How JPL Modeled and Tested Pieces of the Rover Curiosity

This onboard view shows MSL’s successful separation about 45 minutes after launch. At this point, Curiosity had a long, cold transit ahead of it. Photo Credit: NASA TV

On Tuesday, attendants at the 2012 Farnborough International Airshow in England will get a chance to hear from two representatives about a very interesting partnership. Director of NASA’s Mars Exploration Program Doug McCuistion and CEO of Siemens Industry Sector Siegfried Russwurm will discuss Mars, the importance of the space program, and the role cost-efficient product development will play in the new era of space travel and exploration.

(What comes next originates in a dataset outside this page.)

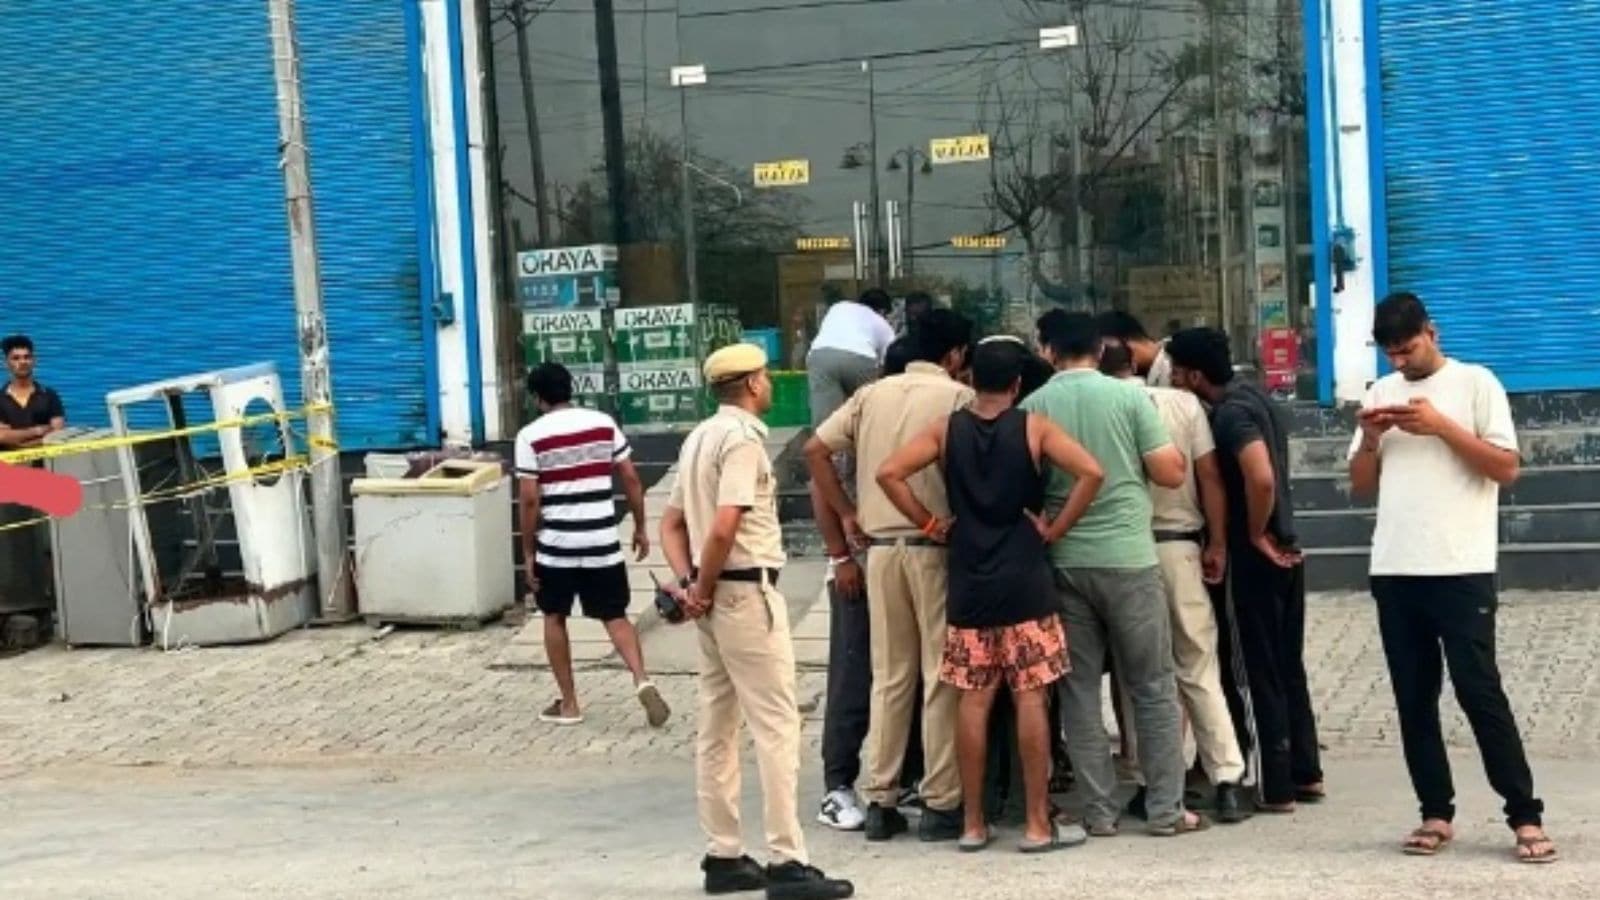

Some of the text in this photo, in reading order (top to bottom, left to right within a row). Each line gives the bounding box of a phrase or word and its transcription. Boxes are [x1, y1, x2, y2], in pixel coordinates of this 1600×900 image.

[522, 249, 599, 275] OKAYA
[532, 313, 594, 331] OKAYA
[624, 308, 688, 327] OKAYA
[627, 371, 693, 390] OKAYA

McCuistion and Russwurm will give details on the Mars Science Laboratory (MSL) mission. They will also answer questions about the importance of a collaboration between government and industry in space exploration as a way to maximize productivity and efficiency. Both organizations collaborated on MSL’s successful development.

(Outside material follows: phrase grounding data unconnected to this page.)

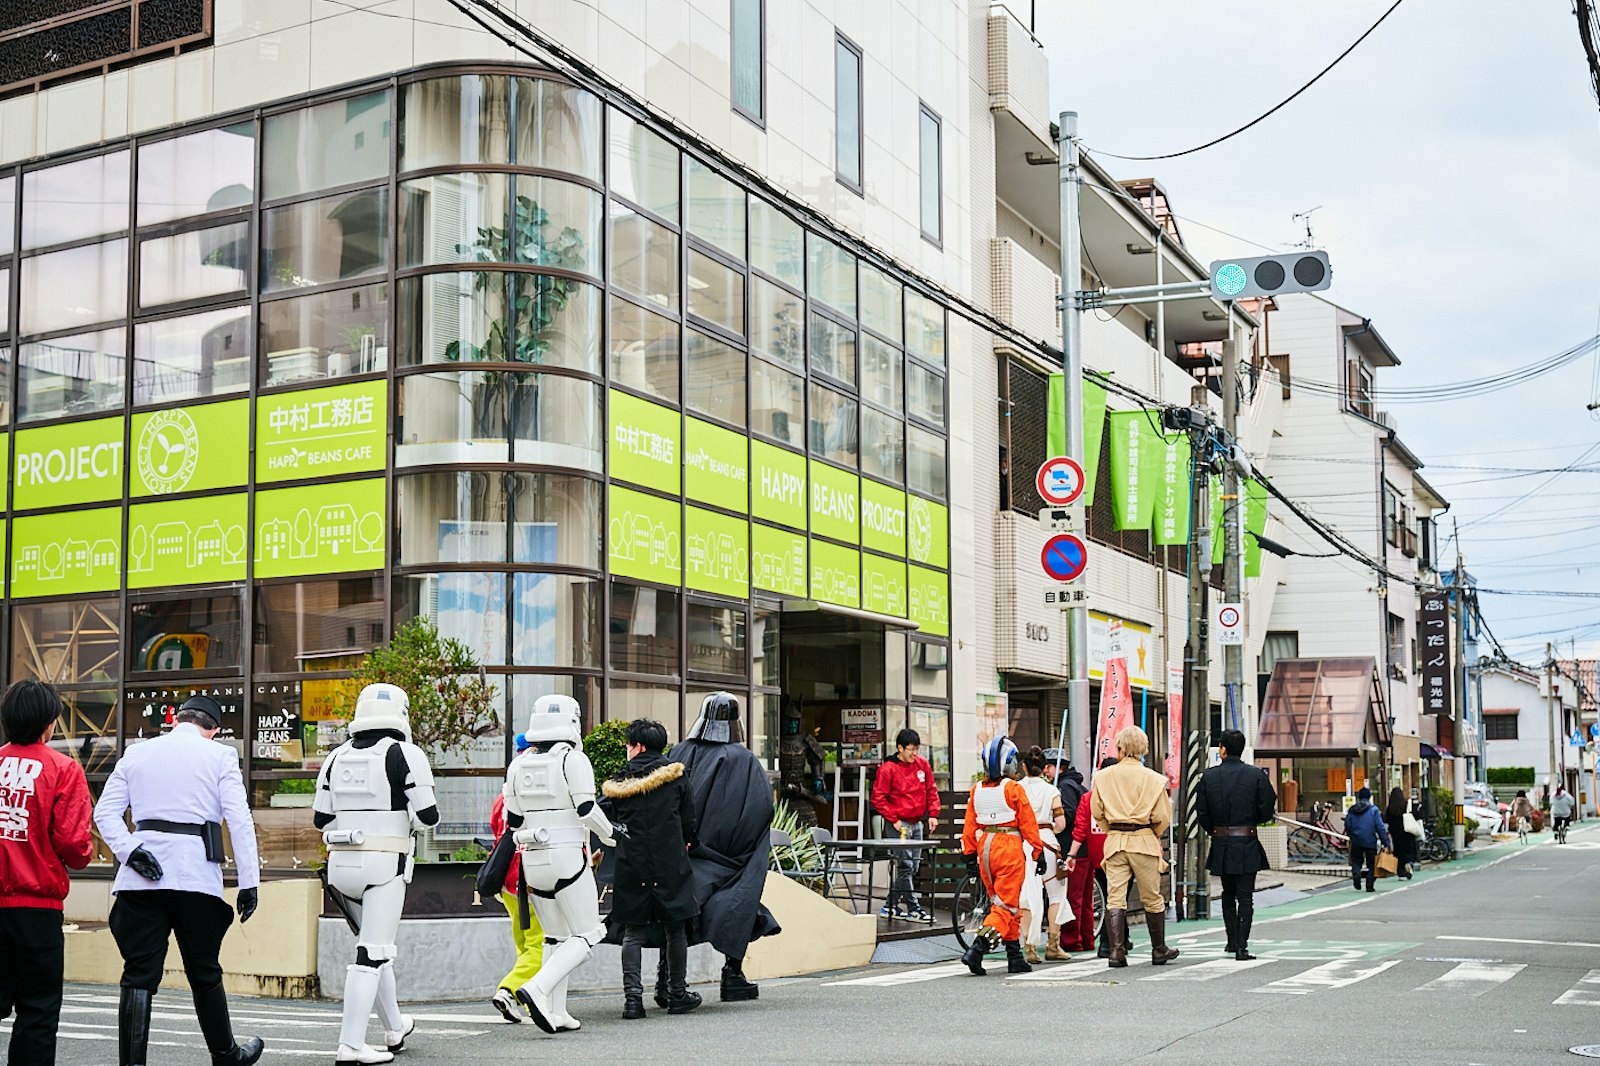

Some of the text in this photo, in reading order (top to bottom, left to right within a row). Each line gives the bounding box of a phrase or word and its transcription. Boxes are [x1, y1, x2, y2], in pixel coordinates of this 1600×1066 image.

[269, 395, 374, 434] 中村工務店
[146, 410, 185, 435] HAPPY
[180, 424, 197, 481] BEANS
[308, 449, 343, 465] BEANS
[345, 445, 372, 461] CAFE
[615, 421, 674, 465] 中村工務店
[17, 441, 122, 487] PROJECT
[709, 458, 731, 477] BEANS
[730, 465, 746, 482] CAFE
[760, 465, 805, 508] HAPPY
[813, 482, 856, 524] BEANS
[861, 498, 906, 538] PROJECT
[1045, 590, 1084, 603] 自動車
[1223, 612, 1235, 623] 30
[1425, 600, 1445, 667] ぶつだん
[127, 684, 302, 700] HAPPY BEANS CAFE
[257, 730, 291, 744] BEANS
[257, 745, 282, 758] CAFE

MSL’s payload, the rover Curiosity, is scheduled to land in Gale Crater on August 6 this summer. It’s the fourth rover NASA’s sent to Mars and the most complicated. It’s a mobile laboratory designed to determine whether Mars, specifically the area around Gale, ever had conditions favorable for life. Curiosity will use its robotic arm to drill into rocks and scoop up soil and deliver samples to internal instruments for analysis.

It isn’t just Curiosity that’s making MSL a complex mission. Its flight system is the most complicated that NASA’s Jet Propulsion Laboratory (JPL) has implemented, requiring new technologies and a new approach for entry, descent, and landing.

The rover’s power source was another major design challenge on this mission. Curiosity uses a Multi-Mission Radioisotope Thermoelectric Generator (MMRTG) that constantly generates a substantial amount of heat. The rover’s larger size doesn’t help; it means the MMRTG dissipates more heat than the power systems on smaller rovers. Excess heat, or heat runoff, is a problem JPL solved by adding more capability to the heat rejection system.

A 3D color-coded model of Curiosity. Image Credit: NASA Goddard

The heat rejection system is an instrumental piece of hardware that will protect MSL from the wide array of temperatures it will experience during the mission. During its interplanetary cruise, temperatures will be about -456 degrees Fahrenheit (2 degrees Kelvin) before jumping to 2,637 degrees F during atmospheric entry. On the surface, temperatures are expected to range between -211 to +122 degrees F.

To deal with these temperatures, Curiosity’s heat rejection system is designed to perform both heating and cooling functions. It includes all the typical thermal control hardware (heaters, thermostats, thermal control coatings and thermal blankets) that maintain the payload and the spacecraft subsystems at a safe temperature for all operating modes throughout the mission lifetime.

In developing the mission and the thermal control system, JPL used Siemens’ NX software as its design platform to simplify the process.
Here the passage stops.